Há pouco tempo, numa tarde de quinta-feira em um restaurante da cadeia Denny’s, em Long Beach, na Califórnia, um robô de 1,20 m de altura se aproximou da mesa de Diane Deconnick. Nas bandejas de três níveis que carregava poderia ter trazido um banquete, mas estavam vazias, exceto por uma tigela de sopa e uma salada com frango frito.

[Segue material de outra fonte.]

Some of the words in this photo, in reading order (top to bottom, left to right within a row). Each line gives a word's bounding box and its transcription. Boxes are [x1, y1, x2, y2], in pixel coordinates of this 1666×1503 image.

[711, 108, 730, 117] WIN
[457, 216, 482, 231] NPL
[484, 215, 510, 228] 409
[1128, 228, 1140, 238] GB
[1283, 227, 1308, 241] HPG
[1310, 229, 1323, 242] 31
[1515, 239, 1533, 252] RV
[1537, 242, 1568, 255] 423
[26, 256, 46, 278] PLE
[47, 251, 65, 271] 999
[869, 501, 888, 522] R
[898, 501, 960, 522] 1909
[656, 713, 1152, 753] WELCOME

Quando chegou perto da mesa, parou. Um display digital anunciou: “A comida chegou.”
“Ele fala!”, exclamou Deconnick. Frequentadora do Denny’s, ela estava curiosa para conhecer o robô desde que aparecera algumas semanas antes. Essa foi a primeira vez que ela foi servida por ele.
Ou, digamos, parcialmente servida. Na prática, um garçom seguiu o robô, tirou a comida da bandeja e a colocou sobre a mesa. “Qual é seu nome, robô?”, perguntou Deconnick. “Lily”, respondeu o garçom que revelou que ele mesmo tinha dado esse nome à máquina.

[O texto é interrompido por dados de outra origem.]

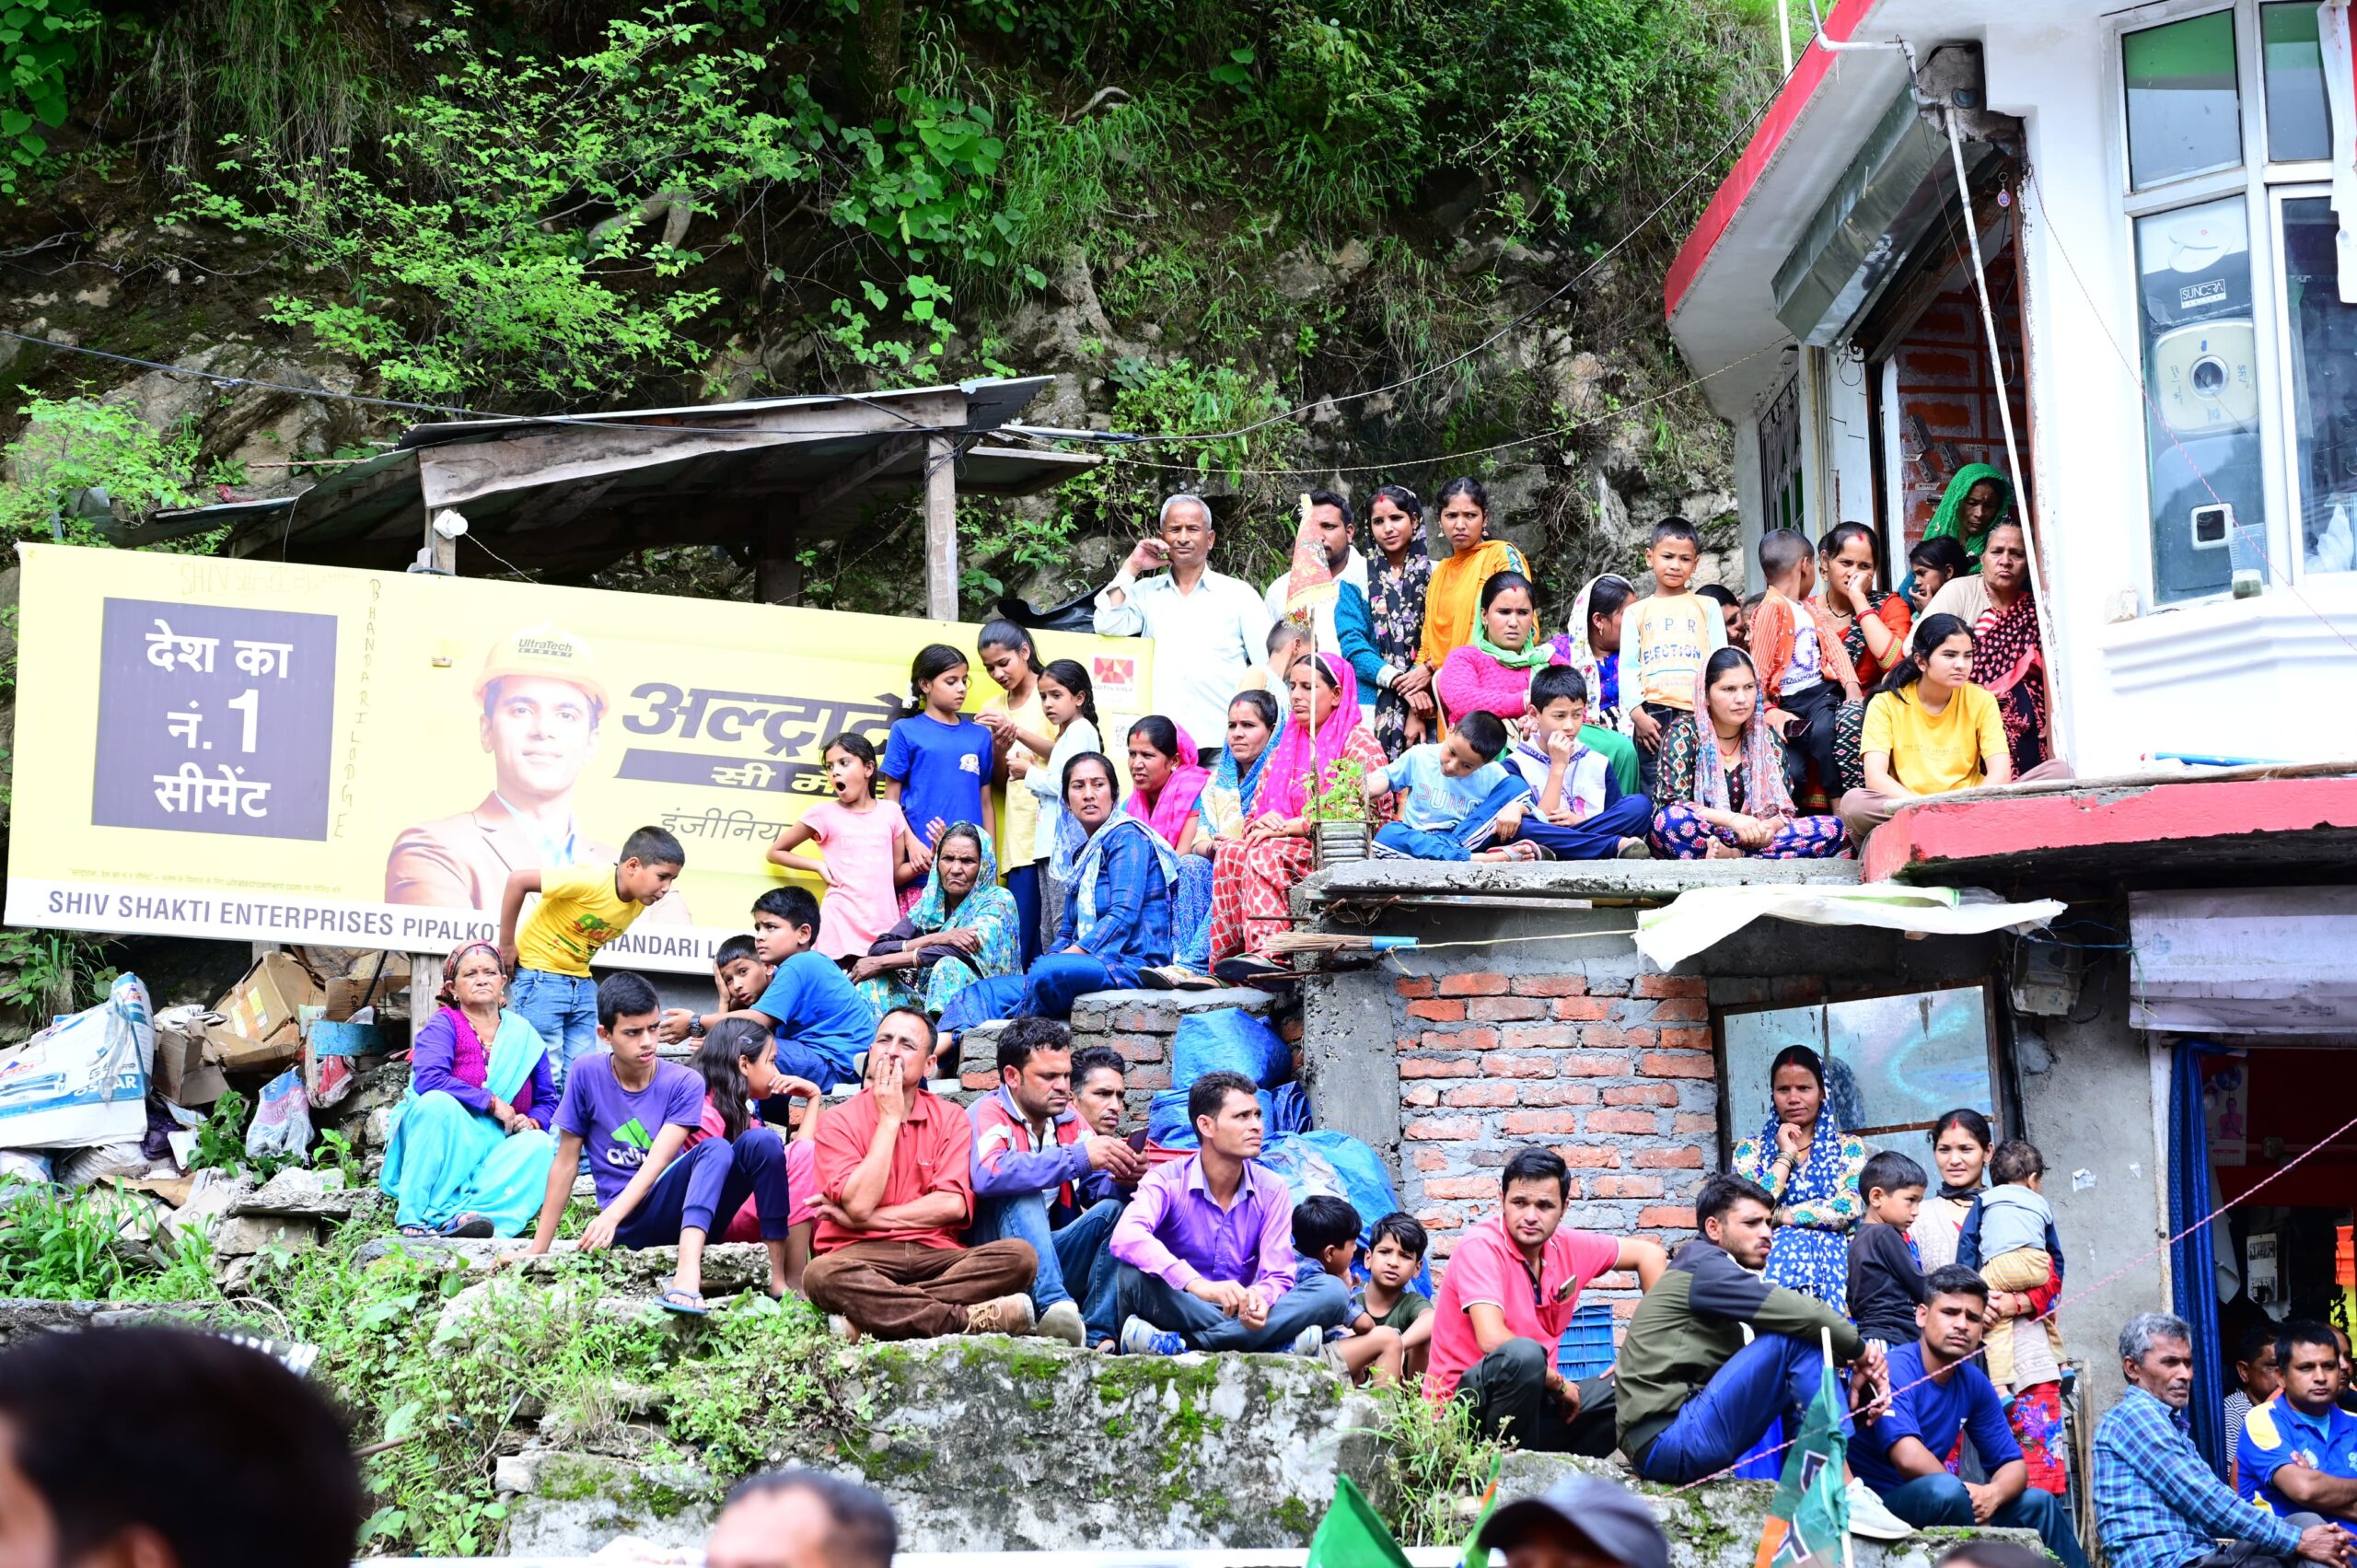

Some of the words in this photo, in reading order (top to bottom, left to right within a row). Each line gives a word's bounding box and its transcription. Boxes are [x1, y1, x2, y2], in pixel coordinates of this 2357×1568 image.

[2181, 281, 2225, 300] SUNCERA
[145, 618, 220, 673] देश
[233, 639, 295, 679] का
[518, 638, 573, 652] UltraTech
[167, 699, 213, 750] नं.
[227, 688, 259, 753] 1
[622, 682, 906, 757] अल्ट्राटे
[153, 761, 273, 818] सीमेंट
[661, 807, 793, 842] इंजीनिय
[48, 889, 110, 917] SHIV
[118, 894, 212, 923] SHAKTI
[219, 901, 394, 935] ENTERPRISES
[602, 934, 699, 958] HANDARI

Deconnick deu a gorjeta habitual de 20% e falou: “Gosto de Lily. É uma boa trabalhadora.”
Há uma década que a prometida era de hambúrgueres virados na chapa por robôs e de baristas automatizados está sempre por perto. Mas a automatização dos restaurantes, pelo menos nos Estados Unidos, continua a ser uma novidade. Isso não se deve ao fato de os robôs e os assistentes com inteligência artificial (IA) não conseguirem cumprir tarefas. De modo geral, a tecnologia existe e, em alguns casos, está por aí há anos.
À medida que os custos trabalhistas aumentam e os robôs se tornam mais sofisticados, o argumento econômico frio para a automação se torna irresistível. Mas, enquanto isso, nossas emoções humanas suaves e irracionais, como a maneira de reagirmos a esses assistentes robôs, desempenharão um papel decisivo em quanto e quão rápido eles começarão a administrar nossos restaurantes. Mesmo em um mundo de cozinhas que não são vistas, QR codes e entrega sem contato, os restaurantes ainda são, de muitas maneiras, lugares sentimentais.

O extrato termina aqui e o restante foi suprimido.